EXERCISE REQUIREMENTS =
Leave the images out and repeat the data exactly as given.
··· ENTRIES SUPPLIED
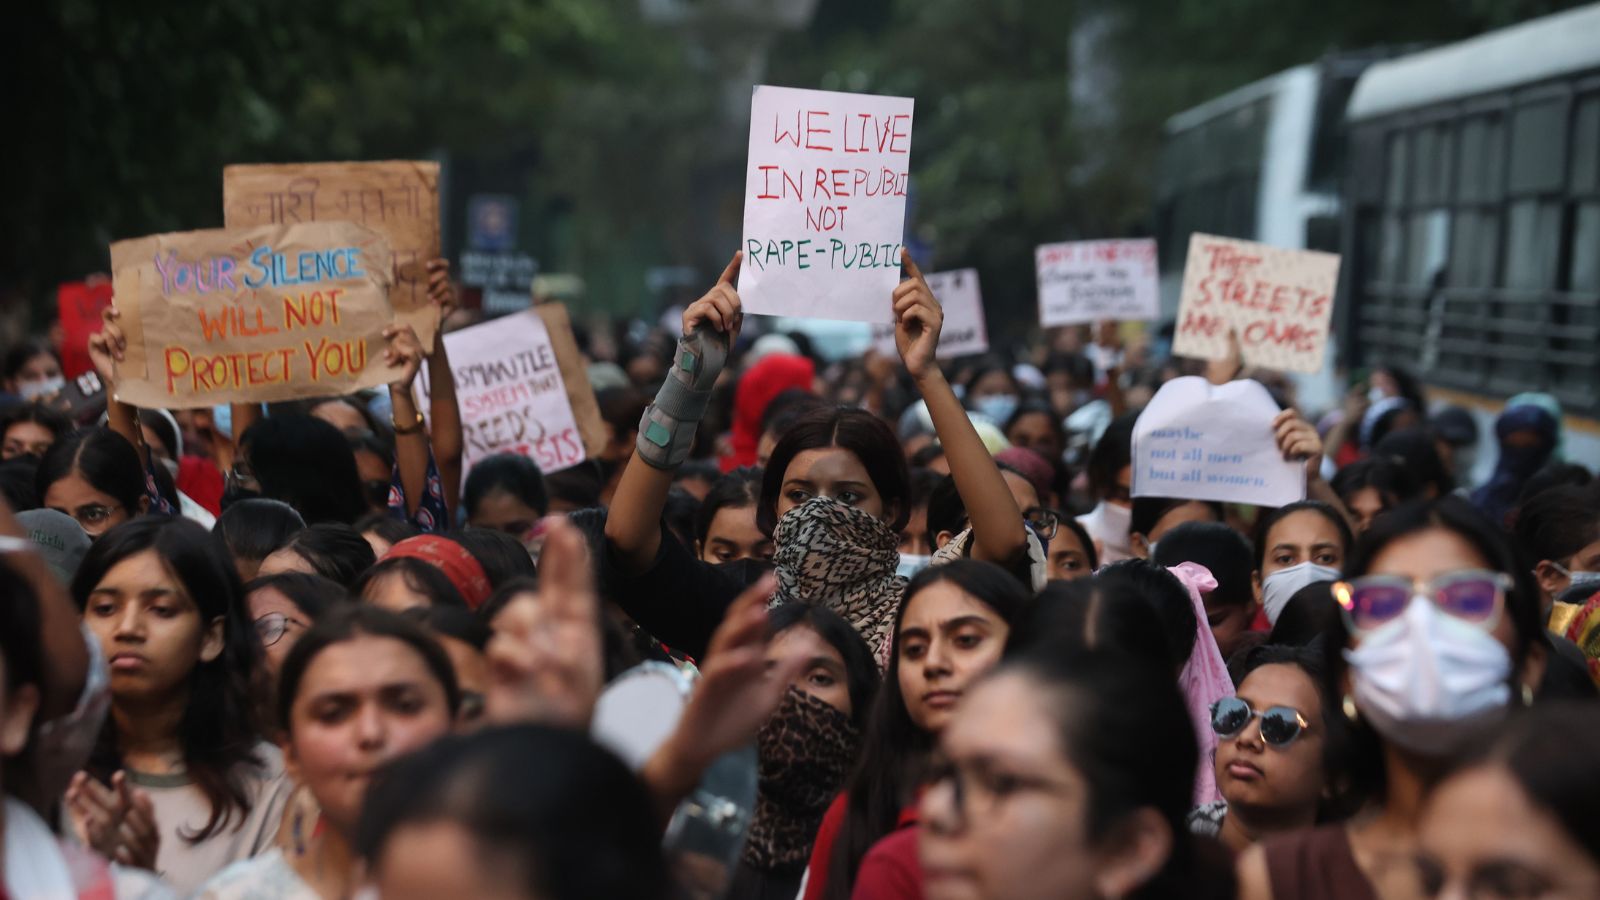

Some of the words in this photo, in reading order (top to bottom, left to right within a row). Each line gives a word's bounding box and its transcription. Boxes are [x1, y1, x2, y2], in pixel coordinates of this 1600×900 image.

[775, 110, 833, 152] WE
[844, 113, 910, 154] LIVE
[757, 165, 803, 202] IN
[806, 206, 848, 232] NOT
[154, 250, 237, 295] YOUR
[244, 245, 366, 288] SILENCE
[747, 238, 902, 271] RAPE-PUBLIC
[199, 304, 280, 343] WILL
[283, 289, 344, 331] NOT
[1193, 275, 1329, 320] STREETS
[164, 345, 296, 395] PROTECT
[304, 335, 367, 381] YOU
[419, 344, 553, 398] SMANTLE
[461, 405, 547, 459] REEDS
[1149, 468, 1176, 481] but
[1181, 469, 1202, 482] all
[1150, 449, 1176, 460] not
[1182, 448, 1202, 462] all
[1207, 453, 1243, 464] men
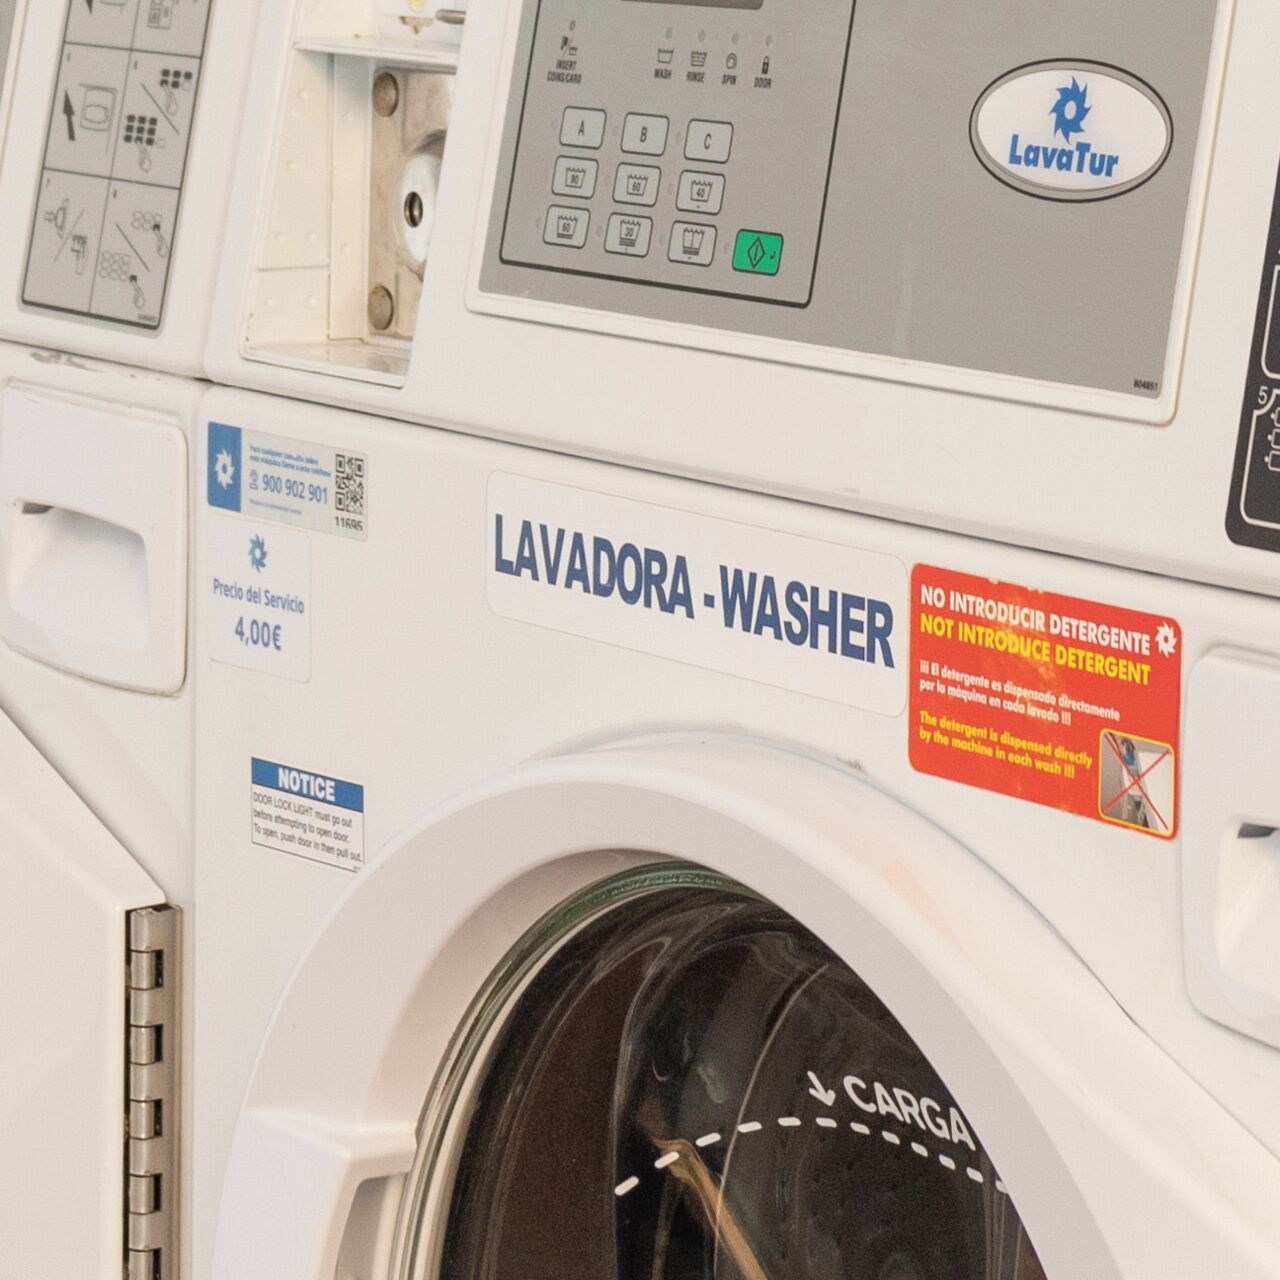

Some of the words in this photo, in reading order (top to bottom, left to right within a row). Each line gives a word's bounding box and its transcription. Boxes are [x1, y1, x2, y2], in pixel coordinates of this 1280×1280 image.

[556, 60, 577, 70] INSERT
[654, 68, 671, 80] WASH
[686, 72, 705, 83] RINSE
[722, 74, 737, 85] SPIN
[754, 77, 772, 88] DOOR
[578, 121, 585, 137] A
[640, 126, 648, 143] B
[704, 133, 712, 150] C
[1008, 134, 1119, 177] LavaTur
[570, 175, 580, 185] 90
[632, 182, 641, 192] 60
[696, 187, 706, 198] 40
[562, 223, 571, 232] 60
[624, 227, 634, 238] 30
[1257, 386, 1268, 405] 5
[262, 474, 282, 494] 900
[285, 478, 305, 500] 902
[308, 484, 328, 504] 901
[213, 578, 243, 601] Precio
[246, 586, 261, 604] del
[264, 589, 304, 614] Servicio
[495, 514, 695, 619] LAVADORA
[719, 565, 895, 669] WASHER
[921, 584, 945, 608] NO
[950, 591, 1045, 632] INTRODUCIR
[1049, 613, 1150, 655] DETERGENTE
[235, 616, 282, 651] 4,00€
[921, 613, 954, 639] NOT
[958, 621, 1050, 662] INTRODUCE
[1055, 644, 1151, 686] DETERGENT
[920, 680, 935, 693] por
[937, 681, 946, 694] la
[948, 684, 987, 705] máquina
[990, 695, 1001, 707] en
[1003, 698, 1024, 714] cada
[1027, 702, 1059, 723] lavado
[1061, 710, 1072, 725] !!!
[931, 662, 939, 676] El
[941, 666, 990, 689] detergente
[991, 680, 1001, 691] es
[1004, 678, 1056, 705] dispensado
[1059, 691, 1120, 722] directamente
[920, 710, 937, 727] The
[939, 715, 988, 740] detergent
[990, 726, 998, 741] is
[1000, 730, 1052, 756] dispensed
[1055, 746, 1093, 770] directly
[920, 728, 931, 744] by
[934, 731, 949, 746] the
[951, 734, 993, 758] machine
[996, 747, 1005, 760] in
[1008, 749, 1032, 767] each
[1035, 756, 1061, 774] wash
[1063, 764, 1075, 779] !!!
[278, 767, 335, 802] NOTICE
[254, 792, 272, 805] DOOR
[274, 799, 292, 811] LOCK
[294, 802, 313, 816] LIGHT
[332, 815, 340, 826] go
[254, 822, 261, 834] To
[298, 837, 312, 847] door
[308, 824, 314, 833] to
[316, 827, 332, 837] open
[842, 1074, 977, 1151] CARGA
······
ANSWER =
Some of the words in this photo, in reading order (top to bottom, left to right within a row). Each line gives a word's bounding box and its transcription. Boxes are [x1, y1, x2, y2], in pixel coordinates of this 1600×900 image.

[775, 110, 833, 152] WE
[844, 113, 910, 154] LIVE
[757, 165, 803, 202] IN
[806, 206, 848, 232] NOT
[154, 250, 237, 295] YOUR
[244, 245, 366, 288] SILENCE
[747, 238, 902, 271] RAPE-PUBLIC
[199, 304, 280, 343] WILL
[283, 289, 344, 331] NOT
[1193, 275, 1329, 320] STREETS
[164, 345, 296, 395] PROTECT
[304, 335, 367, 381] YOU
[419, 344, 553, 398] SMANTLE
[461, 405, 547, 459] REEDS
[1149, 468, 1176, 481] but
[1181, 469, 1202, 482] all
[1150, 449, 1176, 460] not
[1182, 448, 1202, 462] all
[1207, 453, 1243, 464] men

Some of the words in this photo, in reading order (top to bottom, left to right within a row). Each line gives a word's bounding box and its transcription. Boxes are [x1, y1, x2, y2], in pixel coordinates of this 1280×1280 image.

[556, 60, 577, 70] INSERT
[654, 68, 671, 80] WASH
[686, 72, 705, 83] RINSE
[722, 74, 737, 85] SPIN
[754, 77, 772, 88] DOOR
[578, 121, 585, 137] A
[640, 126, 648, 143] B
[704, 133, 712, 150] C
[1008, 134, 1119, 177] LavaTur
[570, 175, 580, 185] 90
[632, 182, 641, 192] 60
[696, 187, 706, 198] 40
[562, 223, 571, 232] 60
[624, 227, 634, 238] 30
[1257, 386, 1268, 405] 5
[262, 474, 282, 494] 900
[285, 478, 305, 500] 902
[308, 484, 328, 504] 901
[213, 578, 243, 601] Precio
[246, 586, 261, 604] del
[264, 589, 304, 614] Servicio
[495, 514, 695, 619] LAVADORA
[719, 565, 895, 669] WASHER
[921, 584, 945, 608] NO
[950, 591, 1045, 632] INTRODUCIR
[1049, 613, 1150, 655] DETERGENTE
[235, 616, 282, 651] 4,00€
[921, 613, 954, 639] NOT
[958, 621, 1050, 662] INTRODUCE
[1055, 644, 1151, 686] DETERGENT
[920, 680, 935, 693] por
[937, 681, 946, 694] la
[948, 684, 987, 705] máquina
[990, 695, 1001, 707] en
[1003, 698, 1024, 714] cada
[1027, 702, 1059, 723] lavado
[1061, 710, 1072, 725] !!!
[931, 662, 939, 676] El
[941, 666, 990, 689] detergente
[991, 680, 1001, 691] es
[1004, 678, 1056, 705] dispensado
[1059, 691, 1120, 722] directamente
[920, 710, 937, 727] The
[939, 715, 988, 740] detergent
[990, 726, 998, 741] is
[1000, 730, 1052, 756] dispensed
[1055, 746, 1093, 770] directly
[920, 728, 931, 744] by
[934, 731, 949, 746] the
[951, 734, 993, 758] machine
[996, 747, 1005, 760] in
[1008, 749, 1032, 767] each
[1035, 756, 1061, 774] wash
[1063, 764, 1075, 779] !!!
[278, 767, 335, 802] NOTICE
[254, 792, 272, 805] DOOR
[274, 799, 292, 811] LOCK
[294, 802, 313, 816] LIGHT
[332, 815, 340, 826] go
[254, 822, 261, 834] To
[298, 837, 312, 847] door
[308, 824, 314, 833] to
[316, 827, 332, 837] open
[842, 1074, 977, 1151] CARGA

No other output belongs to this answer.